Wednesday, March 11, 2009

The Big Banks Show Life

Citibank closed Monday at $ 1.05 per share. On the same day, Citi's Chairman, Viktor Pandit announced that Citi would earn $ 1.50 per share in the first quarter of 2009. That's just in the first quarter. Does that sound strange to you?

A similar set of facts exists at Bank of America. Their earnings are superstrong this quarter, well in excess of their market capitalization.

What about the other banks? Jamie Dimon of JP Morgan said today that January and February were the best months in JPM's history in the bond markets. They are expecting very good earnings first quarter of 2009.

I thought the financial system was collapsing and needed all that TARP money. How can these banks be failing yet have huge operating earnings? Easy. Create a regulatory bureacracy with completely absurd accounting rules and then give those accounting rules the ability to shut down a business. That is basically what has happened to the US commercial banking system. C and BAC do not need bailout money. The whole idea of the government's cash infusion was to rebuild the balance sheets that had been savaged by arbitrary and stupid accounting rules. C and BAC have plenty of cash and don't need any help from the government.

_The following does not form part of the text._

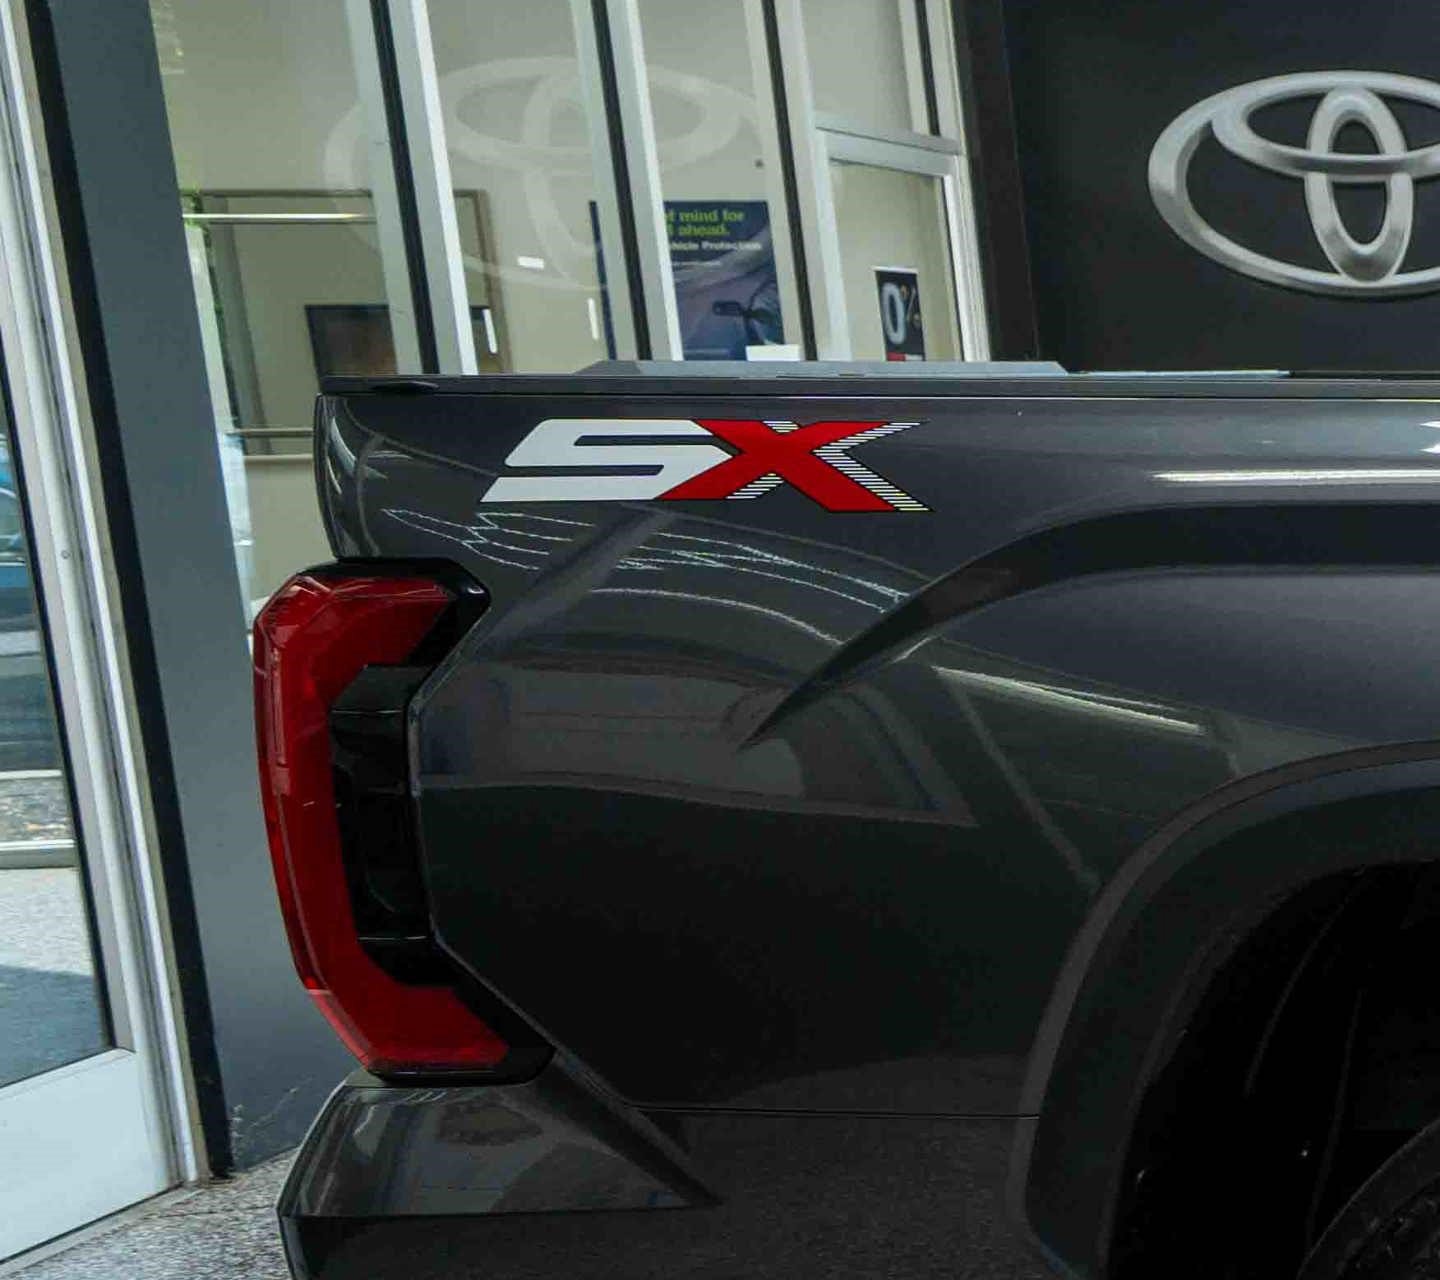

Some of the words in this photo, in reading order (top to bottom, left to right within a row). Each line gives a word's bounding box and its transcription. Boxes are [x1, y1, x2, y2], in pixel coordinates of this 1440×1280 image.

What the banks need is relief from the government, not help. Anytime the government puts cash in a bank or an insurance company it just guarantees that no private capital will show any further interest in the company and the company's stock drifts toward zero.

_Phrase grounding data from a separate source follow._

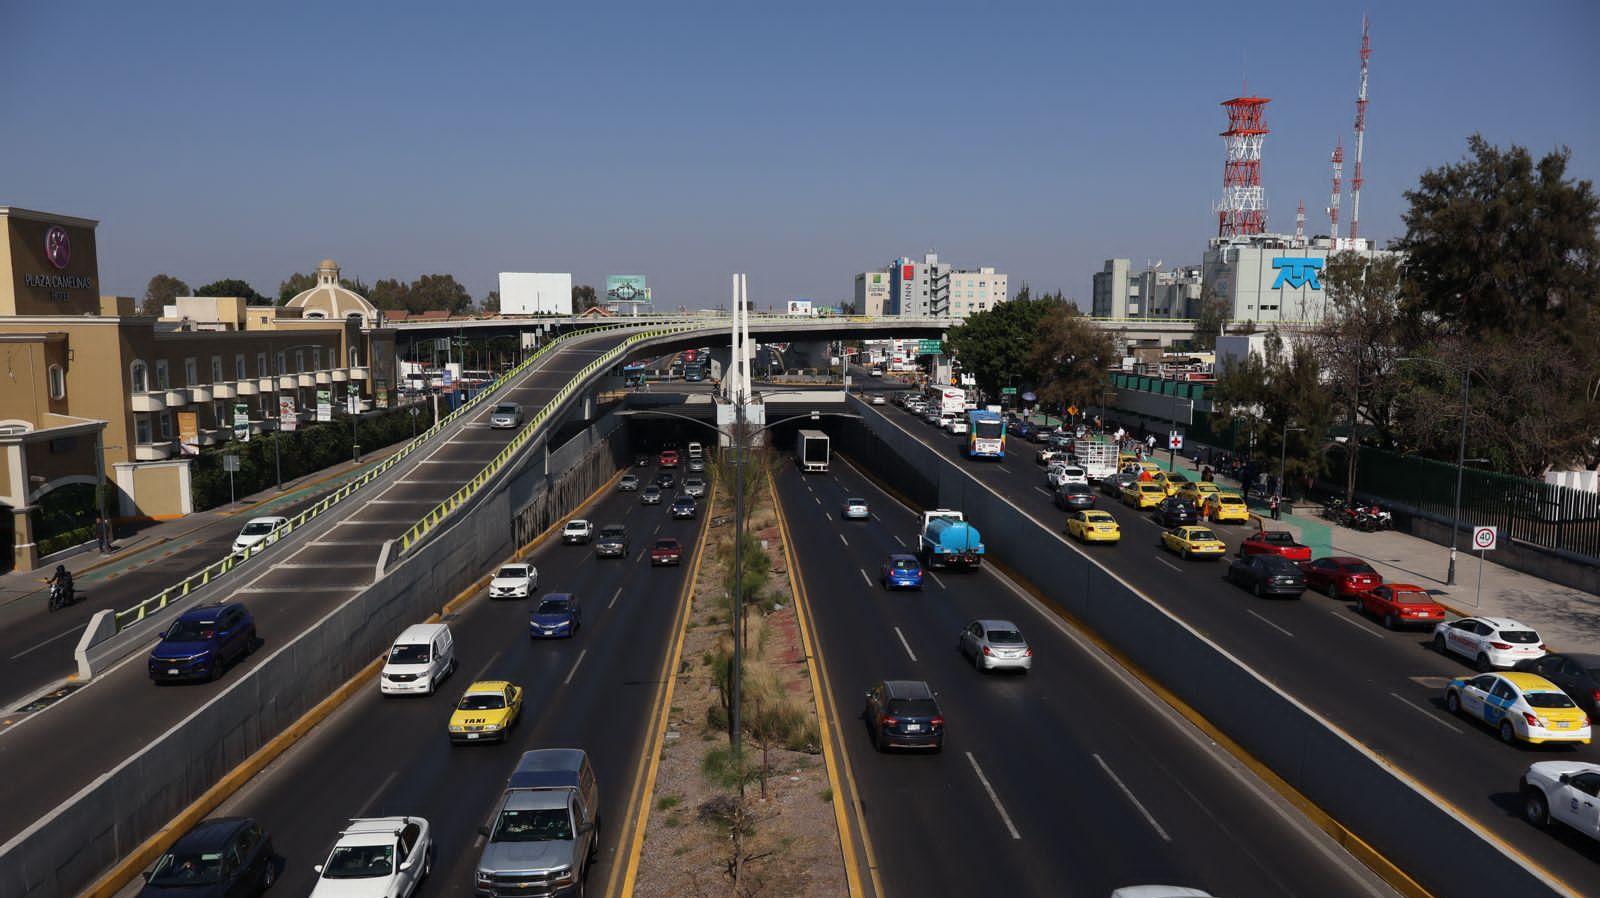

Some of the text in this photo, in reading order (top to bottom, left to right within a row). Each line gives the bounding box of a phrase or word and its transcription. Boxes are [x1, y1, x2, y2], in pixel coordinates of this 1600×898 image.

[25, 273, 90, 288] PLAZA CAMELINAS
[1479, 532, 1491, 542] 40
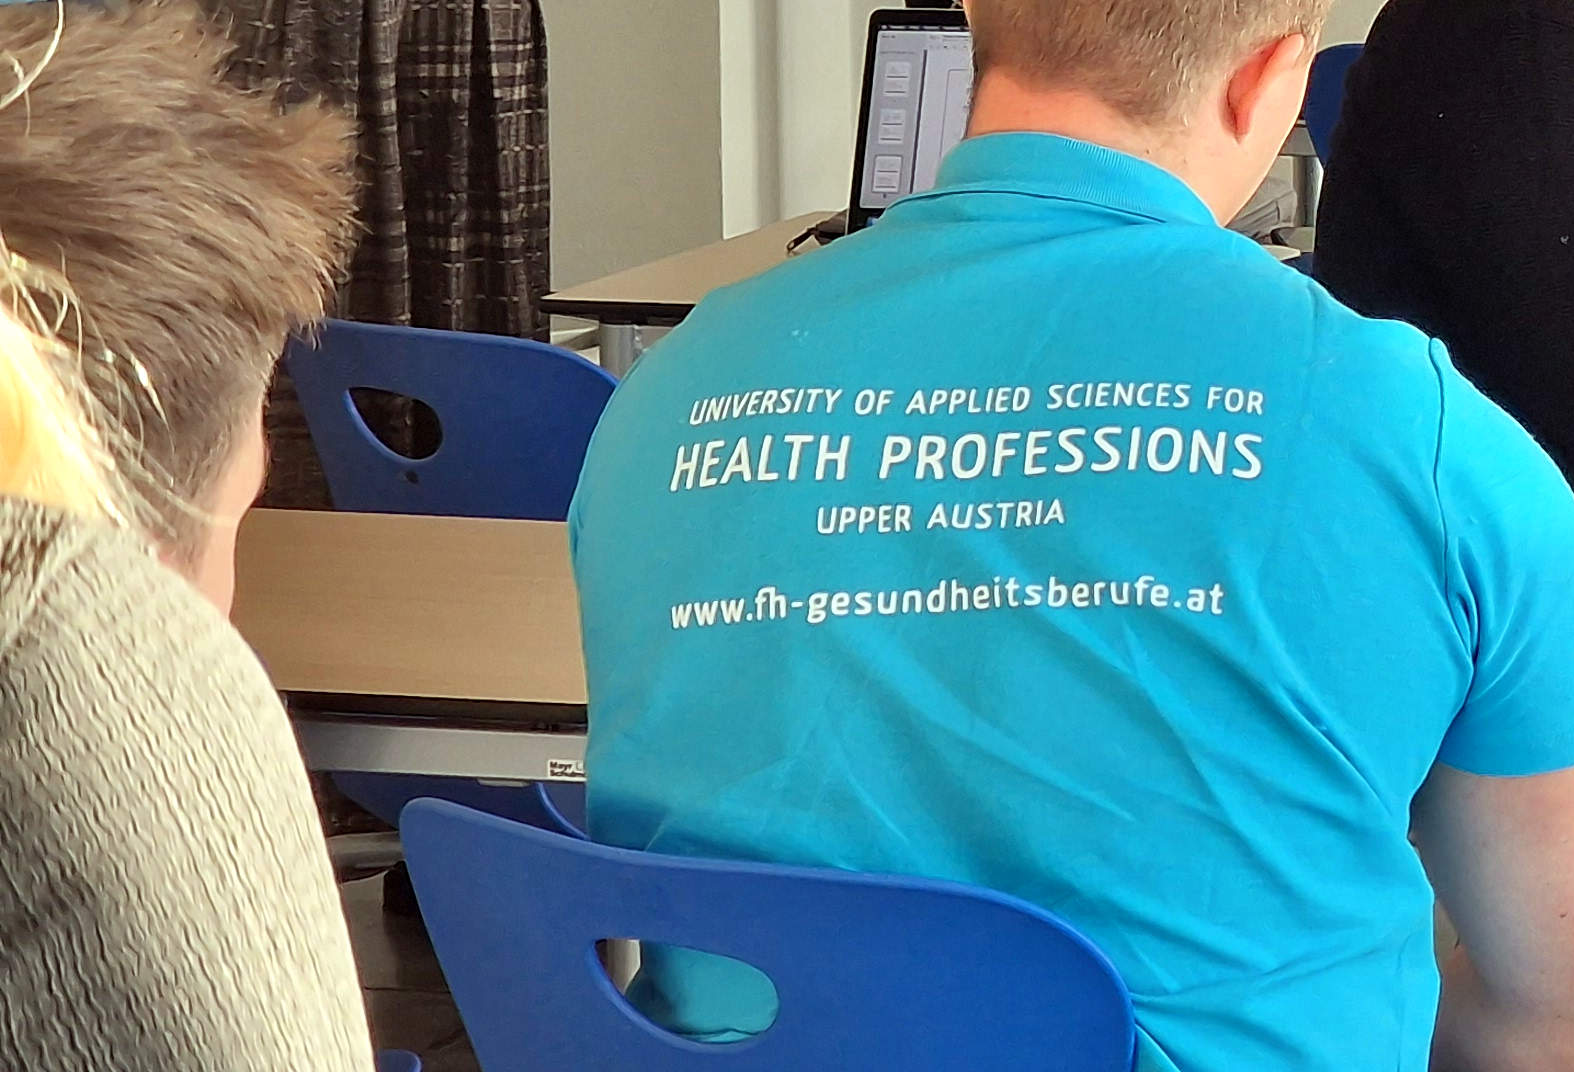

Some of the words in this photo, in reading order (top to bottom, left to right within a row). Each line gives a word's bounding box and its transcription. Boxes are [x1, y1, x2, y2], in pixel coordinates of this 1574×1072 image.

[690, 387, 842, 426] UNIVERSITY
[854, 389, 895, 416] OF
[905, 385, 1031, 416] APPLIED
[1046, 382, 1192, 410] SCIENCES
[1207, 386, 1265, 415] FOR
[668, 434, 850, 493] HEALTH
[879, 426, 1264, 482] PROFESSIONS
[816, 504, 911, 534] UPPER
[926, 498, 1066, 530] AUSTRIA
[670, 574, 1224, 630] www.fh-gesundheitsberufe.at

How to handle a bank that may truly be in trouble (not arbitrarily put in trouble by non-sensical accounting rules)? Do a controlled bankruptcy by forcing bondholders to trade in their bonds for new bonds that are worth less than their original bonds with the balance made up of toxic assets (from the bank's balance sheet) which are now distributed directly to the bondholders in exchange for the part of the original bond value that is surrendered.

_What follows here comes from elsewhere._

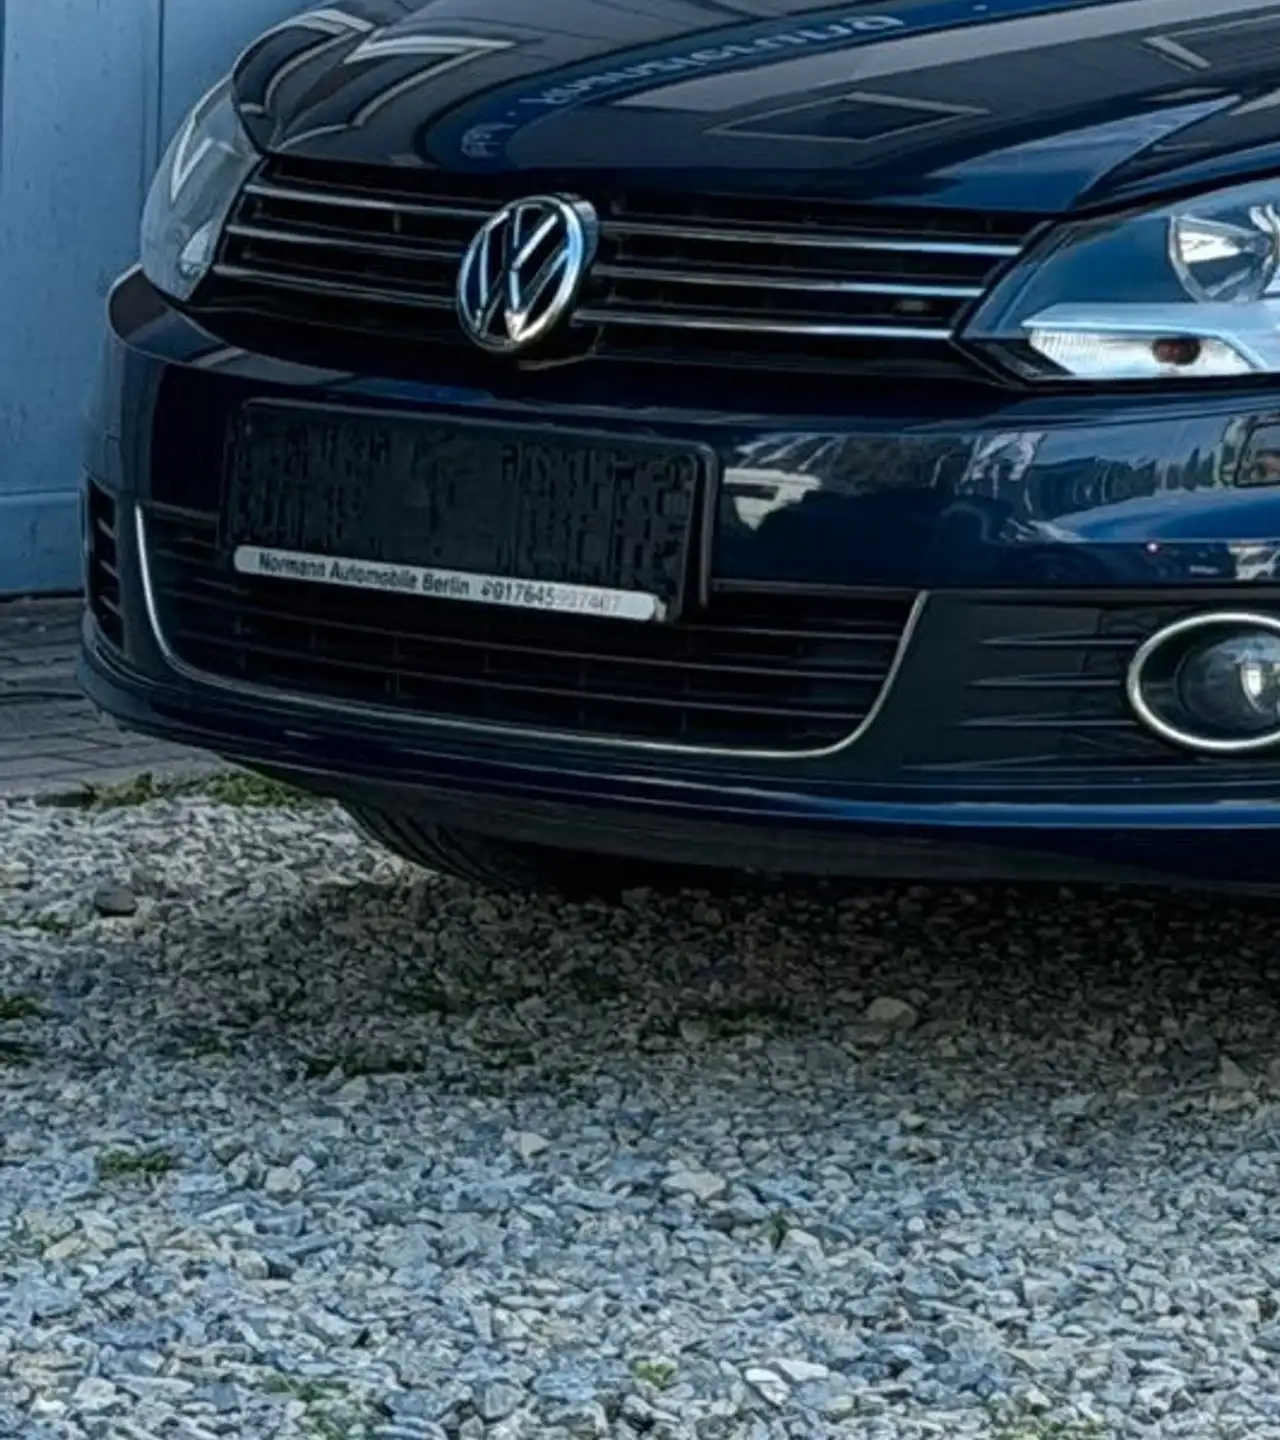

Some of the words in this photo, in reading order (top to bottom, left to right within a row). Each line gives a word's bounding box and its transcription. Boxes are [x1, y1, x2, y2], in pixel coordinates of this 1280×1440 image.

This solution, posed in the above paragraph, forces stock and bond holders to bear the brunt of the so-called "bad assets" of the commercial banking system and enables the banks to emerge healthy and gung ho. Equity and bondholders suffer, but they should suffer. They didn't do their homework. They bought stock and bonds in a company they probably should not have.

Leave the poor taxpayer alone. He/she should not pick up the tab. The tab should be borne by those who made the bad decisions.

Anyway, the commercial banks are showing life and may well triumph over government...the jury is out. Hopefully, the better banks will quickly pay off the TARP money and tell Obama and the Congress to get a life.